(Dataset records)
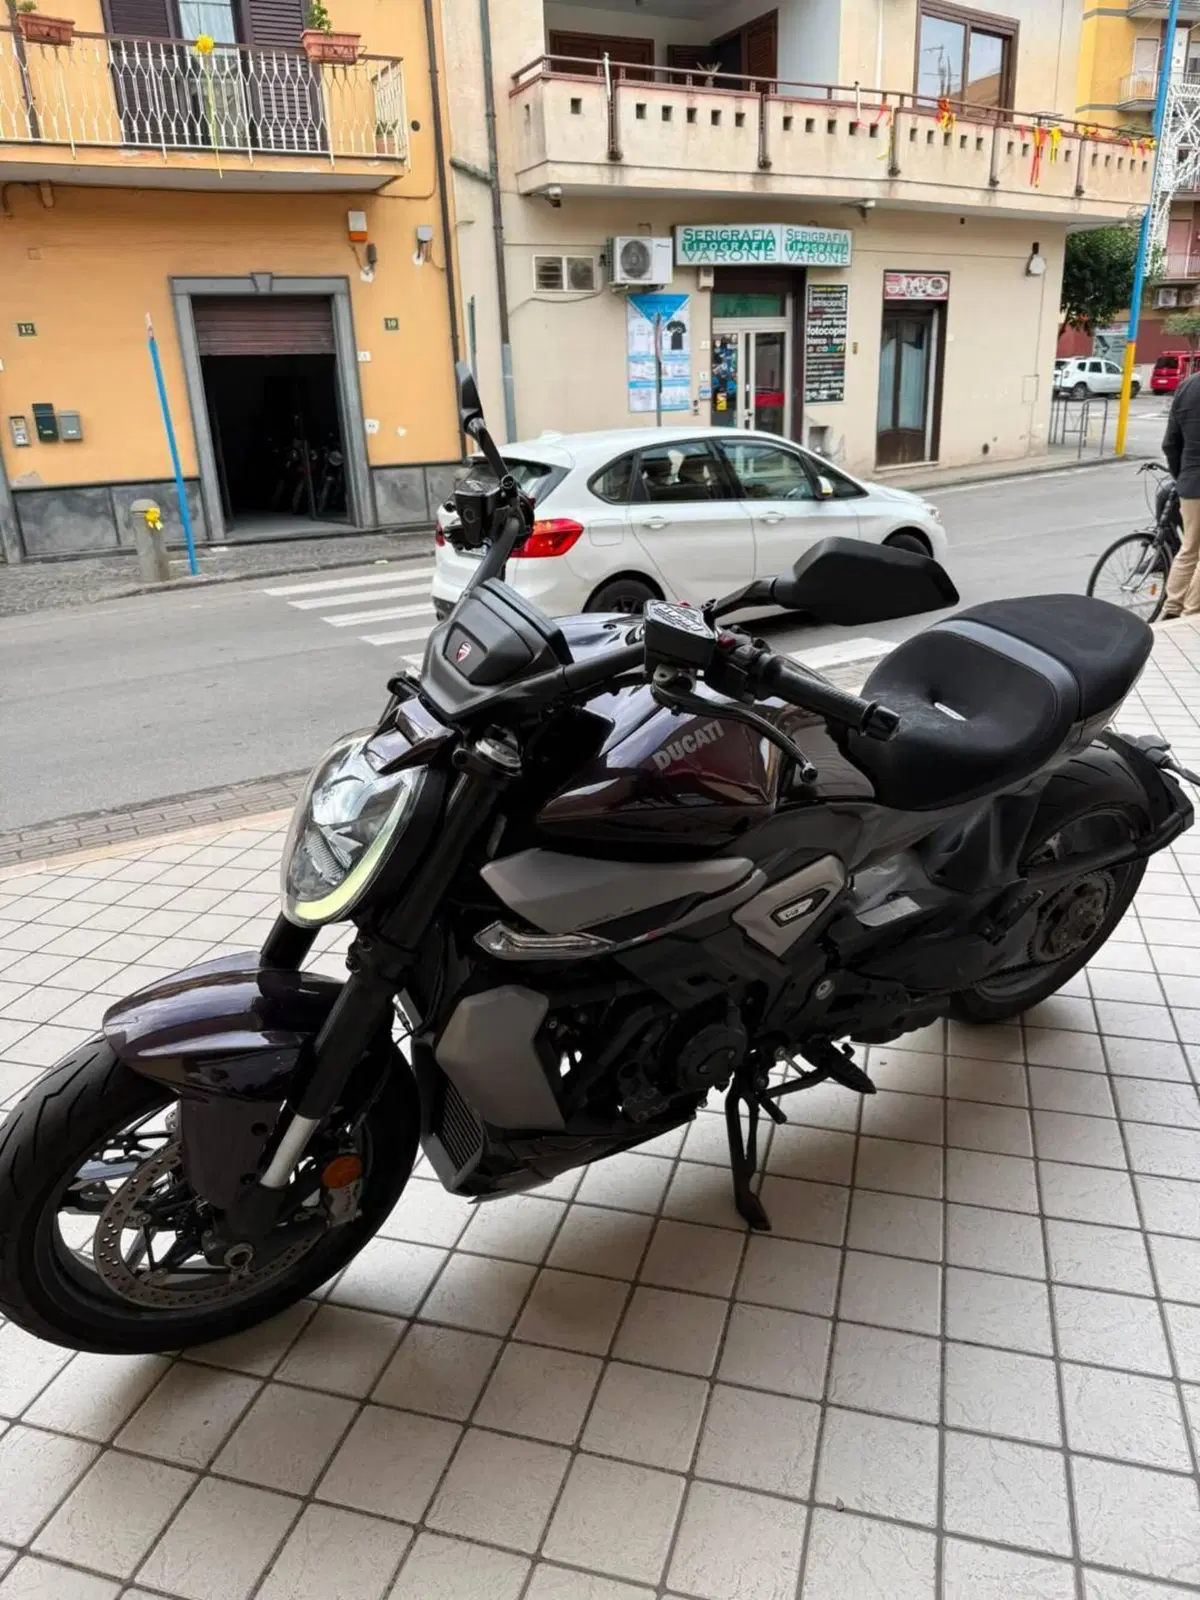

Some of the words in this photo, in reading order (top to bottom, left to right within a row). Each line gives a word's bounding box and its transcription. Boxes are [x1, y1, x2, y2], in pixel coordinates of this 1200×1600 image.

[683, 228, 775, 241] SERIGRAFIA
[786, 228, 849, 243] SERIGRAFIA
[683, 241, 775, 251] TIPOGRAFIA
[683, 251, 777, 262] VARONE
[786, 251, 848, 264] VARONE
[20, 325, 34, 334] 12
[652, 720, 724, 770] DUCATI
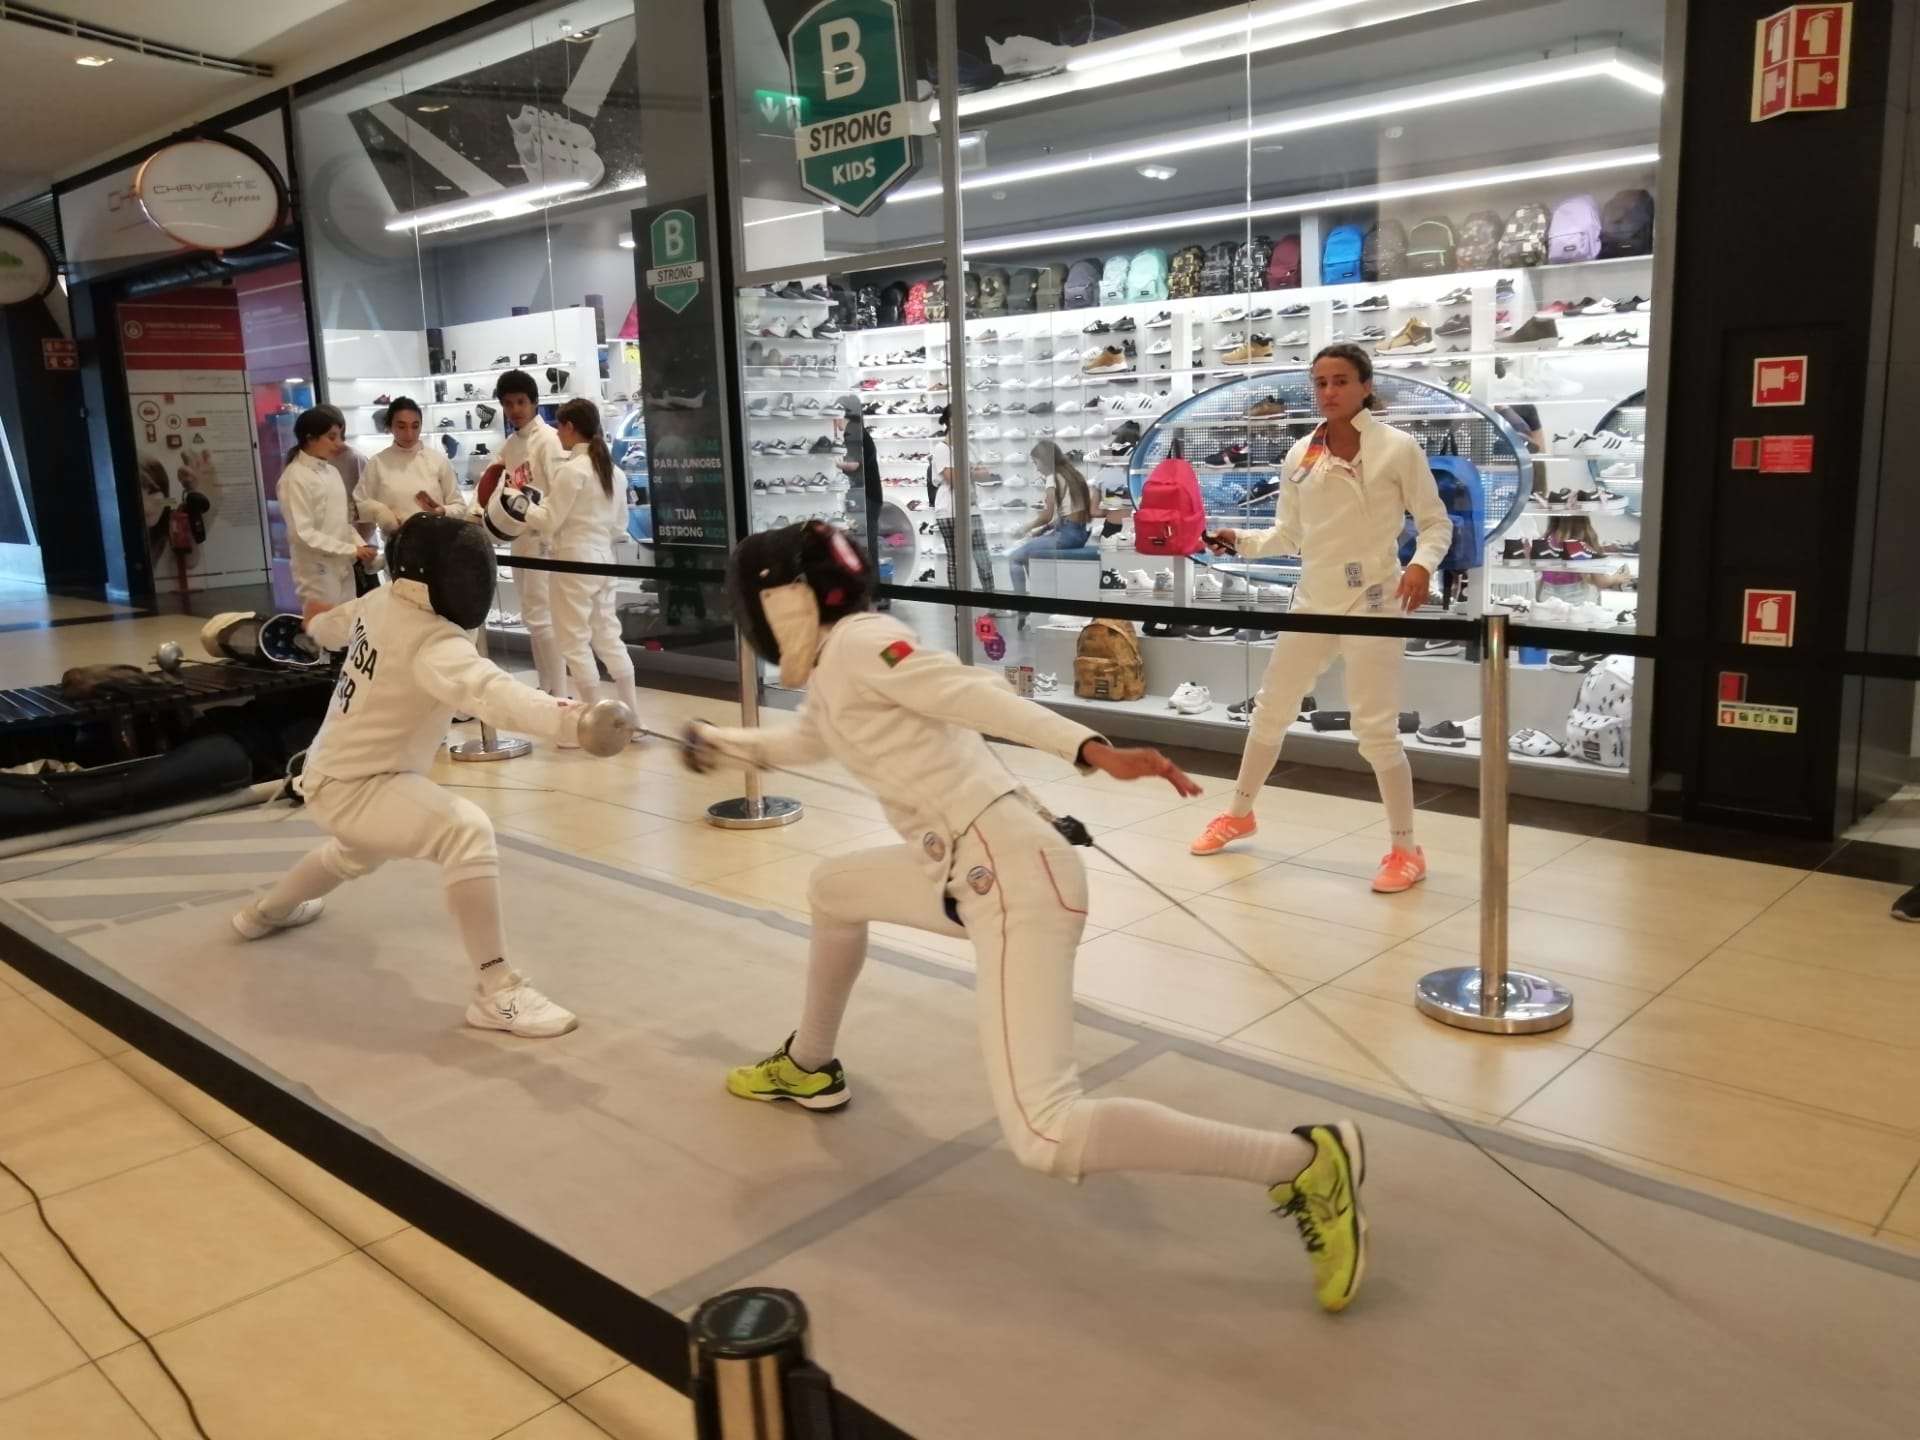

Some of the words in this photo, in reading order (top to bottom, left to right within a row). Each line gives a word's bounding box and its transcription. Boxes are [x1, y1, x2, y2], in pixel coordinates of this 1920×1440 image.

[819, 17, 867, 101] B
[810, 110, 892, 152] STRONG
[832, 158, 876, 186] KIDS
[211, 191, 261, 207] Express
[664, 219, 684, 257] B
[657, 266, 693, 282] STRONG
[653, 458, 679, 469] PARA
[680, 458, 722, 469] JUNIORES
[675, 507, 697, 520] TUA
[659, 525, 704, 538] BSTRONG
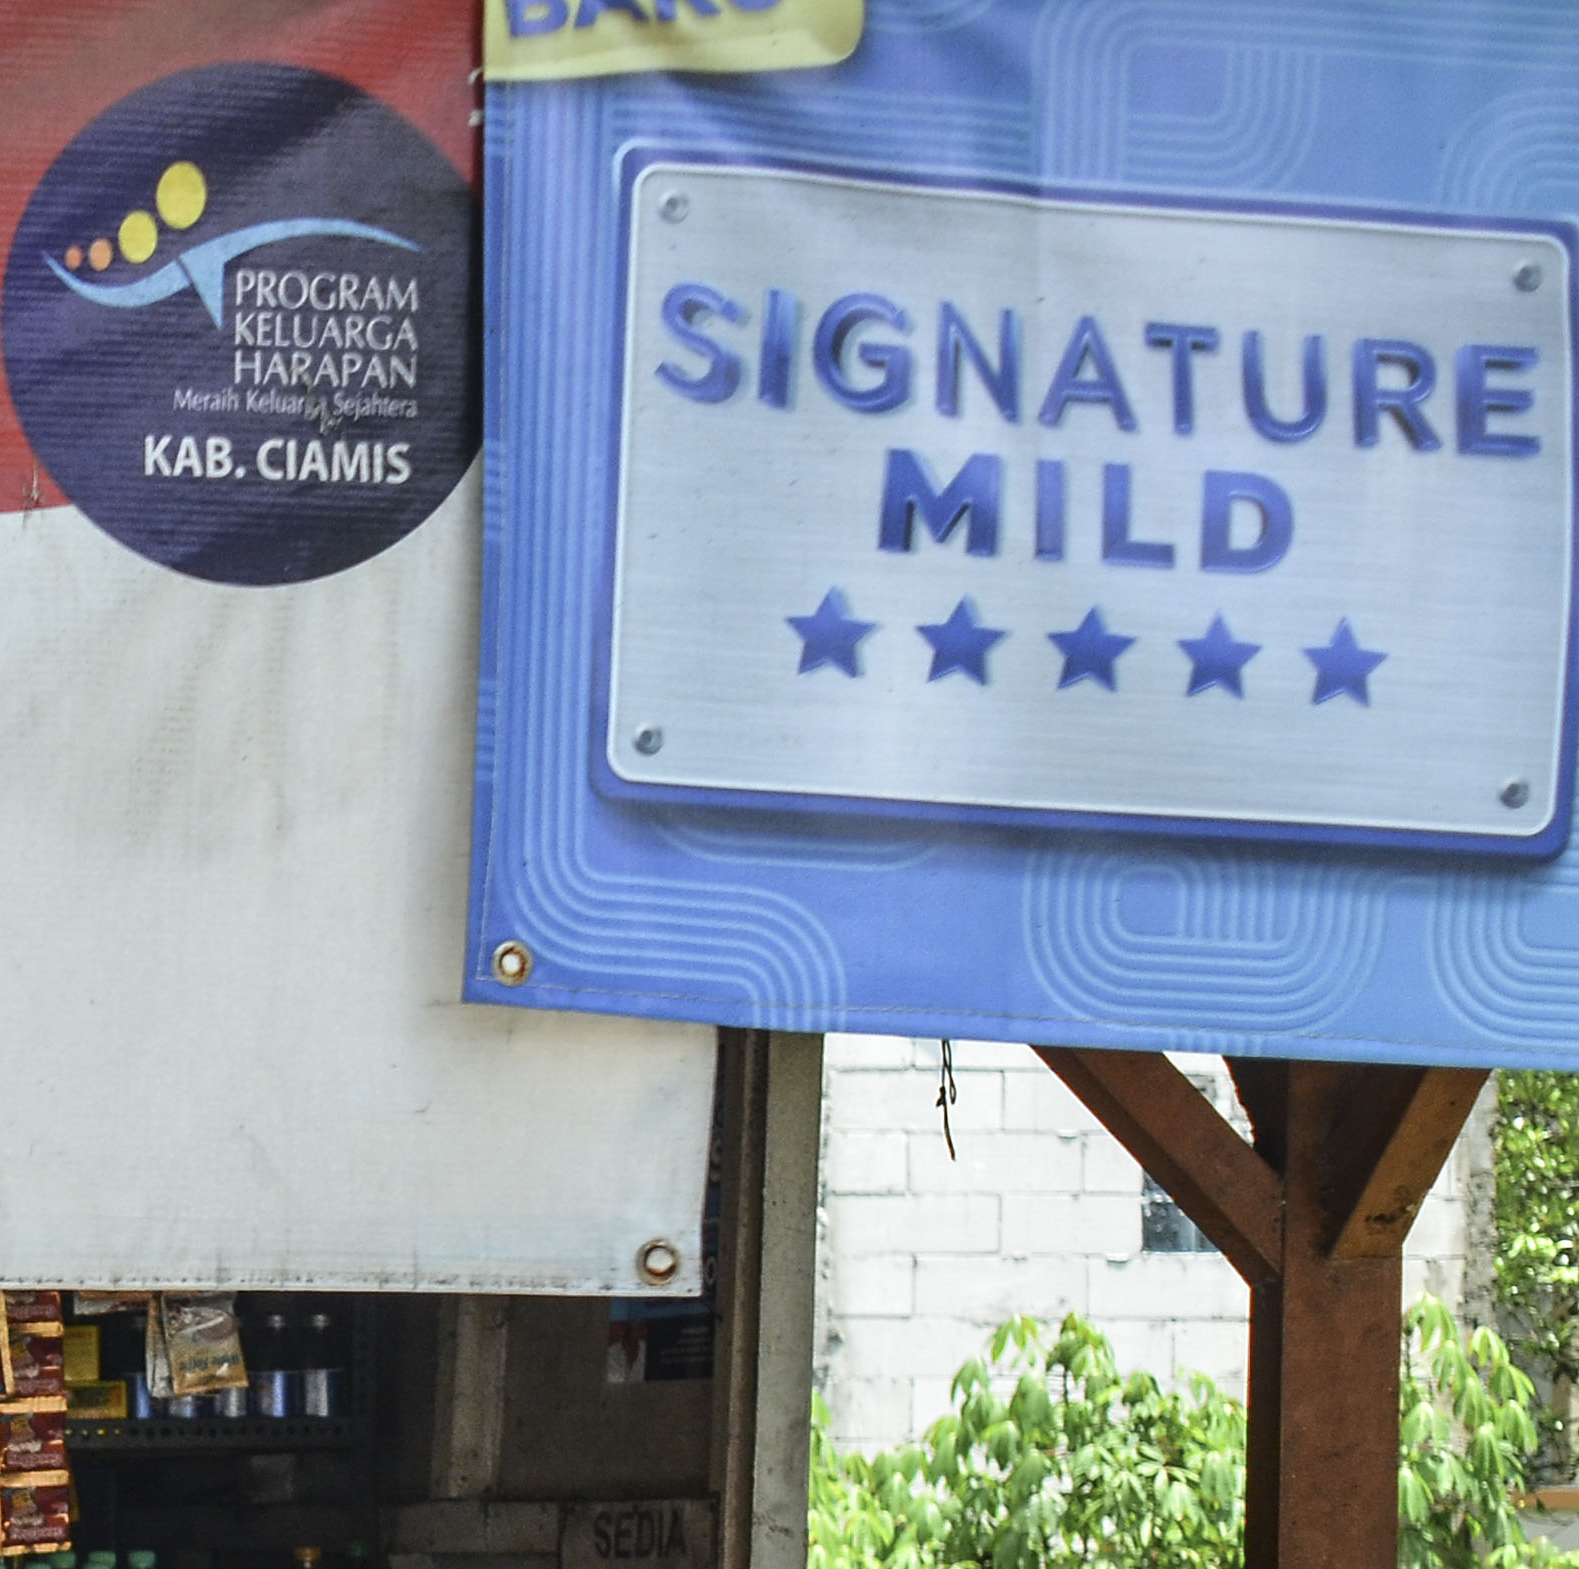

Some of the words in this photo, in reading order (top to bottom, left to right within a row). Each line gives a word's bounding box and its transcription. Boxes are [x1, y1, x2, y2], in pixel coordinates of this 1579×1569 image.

(TASK DIRECTIONS) Without the pictures, return all the records precisely as they stand.

(FINISHED TASK)
Some of the words in this photo, in reading order (top to bottom, left to right within a row). Each line gives a word's bounding box and its transcription. Boxes are [x1, y1, x2, y2], in pixel coordinates of this 1200×1600 image.

[683, 228, 775, 241] SERIGRAFIA
[786, 228, 849, 243] SERIGRAFIA
[683, 241, 775, 251] TIPOGRAFIA
[683, 251, 777, 262] VARONE
[786, 251, 848, 264] VARONE
[20, 325, 34, 334] 12
[652, 720, 724, 770] DUCATI

Some of the words in this photo, in reading order (top to bottom, left to right within a row). Each line gives a word's bounding box and its transcription. Boxes are [x1, y1, x2, y2], in pixel coordinates of this 1920×1440 image.

[819, 17, 867, 101] B
[810, 110, 892, 152] STRONG
[832, 158, 876, 186] KIDS
[211, 191, 261, 207] Express
[664, 219, 684, 257] B
[657, 266, 693, 282] STRONG
[653, 458, 679, 469] PARA
[680, 458, 722, 469] JUNIORES
[675, 507, 697, 520] TUA
[659, 525, 704, 538] BSTRONG

Some of the words in this photo, in reading order (top to bottom, left to right within a row). Each line gives a word's bounding box and its transcription. Boxes are [x1, y1, x2, y2], in pixel coordinates of this 1579×1569 image.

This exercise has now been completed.